The workers told Knight Ridder that their morale is low and they're losing trust in their employers, especially if their co-workers were treated poorly during layoffs.
Some feel dread each time management calls another company meeting. A frequent refrain is: "Who's next?" In fact, according to the news service, nearly everyone interviewed requested anonymity for fear of angering employers.
A 3M worker in information technology said he has seen his workweek climb from 36 hours to 50-plus hours in a department where half of the staff was eliminated. "We're learning what new tasks are required," he said. "The ramp-up time is less and we've got to pick it up quickly. You basically try and improvise what you don't know."
Yet while most of the employees interviewed said they feel overworked, some say they feel underworked as business slows down.

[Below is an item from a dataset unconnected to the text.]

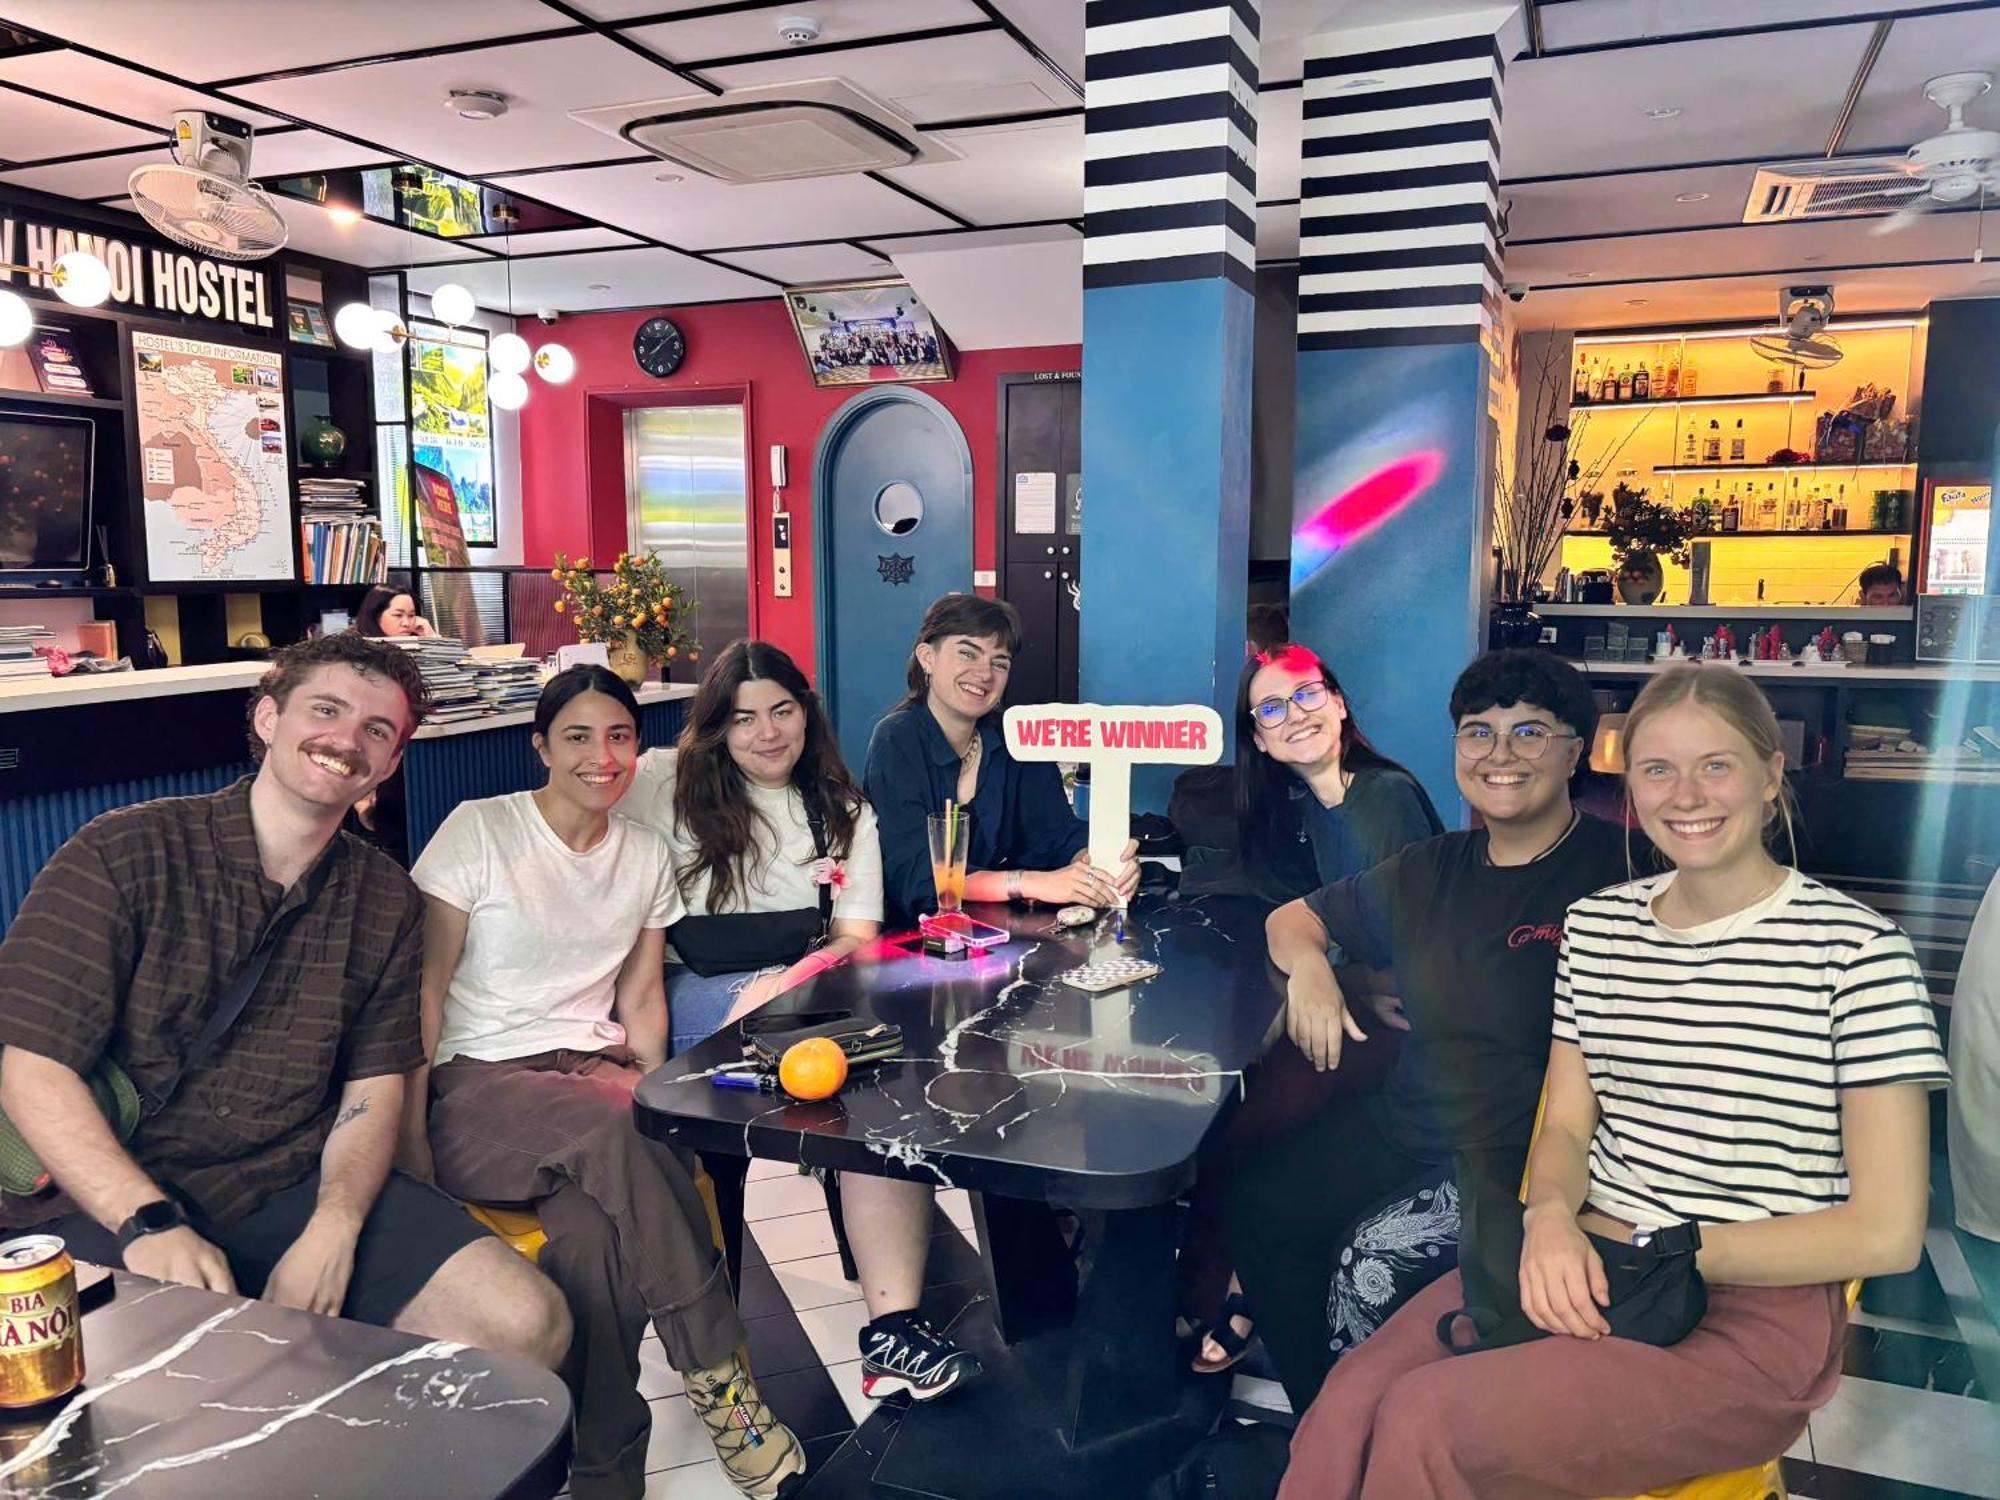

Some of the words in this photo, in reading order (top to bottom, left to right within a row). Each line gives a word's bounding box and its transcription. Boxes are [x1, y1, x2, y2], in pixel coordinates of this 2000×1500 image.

At Fourth Shift Corp., a provider of manufacturing and resource planning software in Bloomington, Minn., one employee told of the parent company's latest emphasis on having fun at work, including a recent picnic on the top level of the parking ramp in 90-degree heat.
"Management says we're going to have this fun environment, and we're going to have fun doing this and fun doing that," said the employee. But it's hard to party, he said, when customers are complaining about service problems resulting from the layoffs.
It's also difficult to celebrate when he thinks of a co-worker who was tracked down on her vacation and told she was being laid off. The company said that was done so the employee didn't get the news elsewhere.
A former U.S. Bancorp middle manager, who lost his job this spring after Firstar's acquisition of his employer, spoke of a "cocooning" effect when he was still there.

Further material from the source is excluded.